Work instruction:
Your output should be the entries below, exact in every detail.

###

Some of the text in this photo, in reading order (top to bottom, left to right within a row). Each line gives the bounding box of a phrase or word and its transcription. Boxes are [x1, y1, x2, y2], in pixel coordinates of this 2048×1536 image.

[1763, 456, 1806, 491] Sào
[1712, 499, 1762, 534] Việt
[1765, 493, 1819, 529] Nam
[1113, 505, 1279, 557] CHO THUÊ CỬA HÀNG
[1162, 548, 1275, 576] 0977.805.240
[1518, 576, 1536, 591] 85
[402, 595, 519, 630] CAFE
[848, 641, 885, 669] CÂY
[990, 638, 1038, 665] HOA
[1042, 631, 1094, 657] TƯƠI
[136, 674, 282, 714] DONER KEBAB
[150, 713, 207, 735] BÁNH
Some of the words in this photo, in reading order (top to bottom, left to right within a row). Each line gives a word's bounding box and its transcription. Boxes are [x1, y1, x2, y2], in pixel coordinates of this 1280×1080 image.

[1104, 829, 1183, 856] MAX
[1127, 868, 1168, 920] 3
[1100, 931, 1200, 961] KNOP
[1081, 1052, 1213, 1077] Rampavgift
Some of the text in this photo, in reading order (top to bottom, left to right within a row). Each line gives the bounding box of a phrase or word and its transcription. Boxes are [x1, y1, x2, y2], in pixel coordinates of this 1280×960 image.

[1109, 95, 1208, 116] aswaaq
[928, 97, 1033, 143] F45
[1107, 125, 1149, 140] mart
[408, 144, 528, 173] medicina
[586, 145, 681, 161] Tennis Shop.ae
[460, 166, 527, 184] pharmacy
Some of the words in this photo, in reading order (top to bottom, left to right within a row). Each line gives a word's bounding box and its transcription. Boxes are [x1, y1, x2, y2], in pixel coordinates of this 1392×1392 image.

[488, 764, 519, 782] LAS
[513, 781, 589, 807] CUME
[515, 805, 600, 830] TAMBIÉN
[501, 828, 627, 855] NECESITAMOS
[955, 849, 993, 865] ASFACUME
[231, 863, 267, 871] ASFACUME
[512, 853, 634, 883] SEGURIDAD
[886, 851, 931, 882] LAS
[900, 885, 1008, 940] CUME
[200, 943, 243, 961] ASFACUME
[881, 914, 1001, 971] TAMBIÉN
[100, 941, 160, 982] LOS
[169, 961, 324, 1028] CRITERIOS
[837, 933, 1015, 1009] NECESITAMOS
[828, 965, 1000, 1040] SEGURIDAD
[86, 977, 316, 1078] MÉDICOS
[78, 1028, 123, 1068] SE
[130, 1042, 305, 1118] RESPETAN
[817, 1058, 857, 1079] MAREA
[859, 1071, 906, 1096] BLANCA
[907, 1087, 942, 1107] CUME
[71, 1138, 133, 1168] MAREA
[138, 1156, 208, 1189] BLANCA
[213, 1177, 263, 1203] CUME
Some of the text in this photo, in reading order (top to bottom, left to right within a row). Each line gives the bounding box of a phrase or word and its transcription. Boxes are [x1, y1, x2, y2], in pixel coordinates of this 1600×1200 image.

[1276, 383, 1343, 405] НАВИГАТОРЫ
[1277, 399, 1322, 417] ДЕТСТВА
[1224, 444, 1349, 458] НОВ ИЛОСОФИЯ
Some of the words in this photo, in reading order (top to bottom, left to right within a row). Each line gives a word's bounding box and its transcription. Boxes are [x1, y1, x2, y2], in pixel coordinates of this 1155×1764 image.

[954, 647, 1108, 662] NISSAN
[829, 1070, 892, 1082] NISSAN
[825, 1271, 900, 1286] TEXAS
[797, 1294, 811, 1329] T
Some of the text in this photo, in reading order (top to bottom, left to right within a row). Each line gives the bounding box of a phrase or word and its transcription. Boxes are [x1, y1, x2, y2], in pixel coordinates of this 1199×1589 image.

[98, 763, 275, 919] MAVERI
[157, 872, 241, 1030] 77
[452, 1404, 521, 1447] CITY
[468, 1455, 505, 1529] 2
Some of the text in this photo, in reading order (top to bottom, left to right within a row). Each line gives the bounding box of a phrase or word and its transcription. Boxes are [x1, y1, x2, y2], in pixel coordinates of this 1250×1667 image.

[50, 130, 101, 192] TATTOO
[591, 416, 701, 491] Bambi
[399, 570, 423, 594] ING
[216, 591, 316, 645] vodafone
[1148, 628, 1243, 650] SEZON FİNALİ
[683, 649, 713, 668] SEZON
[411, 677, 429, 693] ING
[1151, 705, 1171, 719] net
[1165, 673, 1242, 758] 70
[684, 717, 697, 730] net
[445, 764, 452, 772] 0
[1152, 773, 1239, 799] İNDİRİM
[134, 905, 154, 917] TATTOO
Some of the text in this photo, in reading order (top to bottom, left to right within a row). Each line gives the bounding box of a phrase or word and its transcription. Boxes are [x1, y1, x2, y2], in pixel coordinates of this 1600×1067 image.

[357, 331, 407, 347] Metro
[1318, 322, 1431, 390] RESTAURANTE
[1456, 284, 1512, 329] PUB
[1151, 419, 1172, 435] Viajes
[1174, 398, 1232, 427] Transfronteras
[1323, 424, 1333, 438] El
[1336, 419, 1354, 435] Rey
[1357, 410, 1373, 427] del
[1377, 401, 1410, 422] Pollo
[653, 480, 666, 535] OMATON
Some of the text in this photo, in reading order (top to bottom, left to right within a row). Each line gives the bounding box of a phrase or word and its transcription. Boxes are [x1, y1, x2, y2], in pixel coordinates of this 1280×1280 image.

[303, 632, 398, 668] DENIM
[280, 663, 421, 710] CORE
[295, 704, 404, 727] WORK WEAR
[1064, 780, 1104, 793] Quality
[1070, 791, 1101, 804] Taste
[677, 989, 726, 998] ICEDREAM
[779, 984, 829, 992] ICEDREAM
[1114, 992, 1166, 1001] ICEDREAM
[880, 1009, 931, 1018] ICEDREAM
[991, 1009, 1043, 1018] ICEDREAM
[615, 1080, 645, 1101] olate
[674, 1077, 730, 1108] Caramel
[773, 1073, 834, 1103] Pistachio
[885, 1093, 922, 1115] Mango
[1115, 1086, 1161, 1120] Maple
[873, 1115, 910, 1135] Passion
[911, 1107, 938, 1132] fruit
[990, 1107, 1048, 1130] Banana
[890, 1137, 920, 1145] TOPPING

###

Answer to this task:
Some of the text in this photo, in reading order (top to bottom, left to right within a row). Each line gives the bounding box of a phrase or word and its transcription. Boxes are [x1, y1, x2, y2], in pixel coordinates of this 2048×1536 image.

[1763, 456, 1806, 491] Sào
[1712, 499, 1762, 534] Việt
[1765, 493, 1819, 529] Nam
[1113, 505, 1279, 557] CHO THUÊ CỬA HÀNG
[1162, 548, 1275, 576] 0977.805.240
[1518, 576, 1536, 591] 85
[402, 595, 519, 630] CAFE
[848, 641, 885, 669] CÂY
[990, 638, 1038, 665] HOA
[1042, 631, 1094, 657] TƯƠI
[136, 674, 282, 714] DONER KEBAB
[150, 713, 207, 735] BÁNH
Some of the words in this photo, in reading order (top to bottom, left to right within a row). Each line gives a word's bounding box and its transcription. Boxes are [x1, y1, x2, y2], in pixel coordinates of this 1280×1080 image.

[1104, 829, 1183, 856] MAX
[1127, 868, 1168, 920] 3
[1100, 931, 1200, 961] KNOP
[1081, 1052, 1213, 1077] Rampavgift
Some of the text in this photo, in reading order (top to bottom, left to right within a row). Each line gives the bounding box of a phrase or word and its transcription. Boxes are [x1, y1, x2, y2], in pixel coordinates of this 1280×960 image.

[1109, 95, 1208, 116] aswaaq
[928, 97, 1033, 143] F45
[1107, 125, 1149, 140] mart
[408, 144, 528, 173] medicina
[586, 145, 681, 161] Tennis Shop.ae
[460, 166, 527, 184] pharmacy
Some of the words in this photo, in reading order (top to bottom, left to right within a row). Each line gives a word's bounding box and its transcription. Boxes are [x1, y1, x2, y2], in pixel coordinates of this 1392×1392 image.

[488, 764, 519, 782] LAS
[513, 781, 589, 807] CUME
[515, 805, 600, 830] TAMBIÉN
[501, 828, 627, 855] NECESITAMOS
[955, 849, 993, 865] ASFACUME
[231, 863, 267, 871] ASFACUME
[512, 853, 634, 883] SEGURIDAD
[886, 851, 931, 882] LAS
[900, 885, 1008, 940] CUME
[200, 943, 243, 961] ASFACUME
[881, 914, 1001, 971] TAMBIÉN
[100, 941, 160, 982] LOS
[169, 961, 324, 1028] CRITERIOS
[837, 933, 1015, 1009] NECESITAMOS
[828, 965, 1000, 1040] SEGURIDAD
[86, 977, 316, 1078] MÉDICOS
[78, 1028, 123, 1068] SE
[130, 1042, 305, 1118] RESPETAN
[817, 1058, 857, 1079] MAREA
[859, 1071, 906, 1096] BLANCA
[907, 1087, 942, 1107] CUME
[71, 1138, 133, 1168] MAREA
[138, 1156, 208, 1189] BLANCA
[213, 1177, 263, 1203] CUME
Some of the text in this photo, in reading order (top to bottom, left to right within a row). Each line gives the bounding box of a phrase or word and its transcription. Boxes are [x1, y1, x2, y2], in pixel coordinates of this 1600×1200 image.

[1276, 383, 1343, 405] НАВИГАТОРЫ
[1277, 399, 1322, 417] ДЕТСТВА
[1224, 444, 1349, 458] НОВ ИЛОСОФИЯ
Some of the words in this photo, in reading order (top to bottom, left to right within a row). Each line gives a word's bounding box and its transcription. Boxes are [x1, y1, x2, y2], in pixel coordinates of this 1155×1764 image.

[954, 647, 1108, 662] NISSAN
[829, 1070, 892, 1082] NISSAN
[825, 1271, 900, 1286] TEXAS
[797, 1294, 811, 1329] T
Some of the text in this photo, in reading order (top to bottom, left to right within a row). Each line gives the bounding box of a phrase or word and its transcription. Boxes are [x1, y1, x2, y2], in pixel coordinates of this 1199×1589 image.

[98, 763, 275, 919] MAVERI
[157, 872, 241, 1030] 77
[452, 1404, 521, 1447] CITY
[468, 1455, 505, 1529] 2
Some of the text in this photo, in reading order (top to bottom, left to right within a row). Each line gives the bounding box of a phrase or word and its transcription. Boxes are [x1, y1, x2, y2], in pixel coordinates of this 1250×1667 image.

[50, 130, 101, 192] TATTOO
[591, 416, 701, 491] Bambi
[399, 570, 423, 594] ING
[216, 591, 316, 645] vodafone
[1148, 628, 1243, 650] SEZON FİNALİ
[683, 649, 713, 668] SEZON
[411, 677, 429, 693] ING
[1151, 705, 1171, 719] net
[1165, 673, 1242, 758] 70
[684, 717, 697, 730] net
[445, 764, 452, 772] 0
[1152, 773, 1239, 799] İNDİRİM
[134, 905, 154, 917] TATTOO
Some of the text in this photo, in reading order (top to bottom, left to right within a row). Each line gives the bounding box of a phrase or word and its transcription. Boxes are [x1, y1, x2, y2], in pixel coordinates of this 1600×1067 image.

[357, 331, 407, 347] Metro
[1318, 322, 1431, 390] RESTAURANTE
[1456, 284, 1512, 329] PUB
[1151, 419, 1172, 435] Viajes
[1174, 398, 1232, 427] Transfronteras
[1323, 424, 1333, 438] El
[1336, 419, 1354, 435] Rey
[1357, 410, 1373, 427] del
[1377, 401, 1410, 422] Pollo
[653, 480, 666, 535] OMATON
Some of the text in this photo, in reading order (top to bottom, left to right within a row). Each line gives the bounding box of a phrase or word and its transcription. Boxes are [x1, y1, x2, y2], in pixel coordinates of this 1280×1280 image.

[303, 632, 398, 668] DENIM
[280, 663, 421, 710] CORE
[295, 704, 404, 727] WORK WEAR
[1064, 780, 1104, 793] Quality
[1070, 791, 1101, 804] Taste
[677, 989, 726, 998] ICEDREAM
[779, 984, 829, 992] ICEDREAM
[1114, 992, 1166, 1001] ICEDREAM
[880, 1009, 931, 1018] ICEDREAM
[991, 1009, 1043, 1018] ICEDREAM
[615, 1080, 645, 1101] olate
[674, 1077, 730, 1108] Caramel
[773, 1073, 834, 1103] Pistachio
[885, 1093, 922, 1115] Mango
[1115, 1086, 1161, 1120] Maple
[873, 1115, 910, 1135] Passion
[911, 1107, 938, 1132] fruit
[990, 1107, 1048, 1130] Banana
[890, 1137, 920, 1145] TOPPING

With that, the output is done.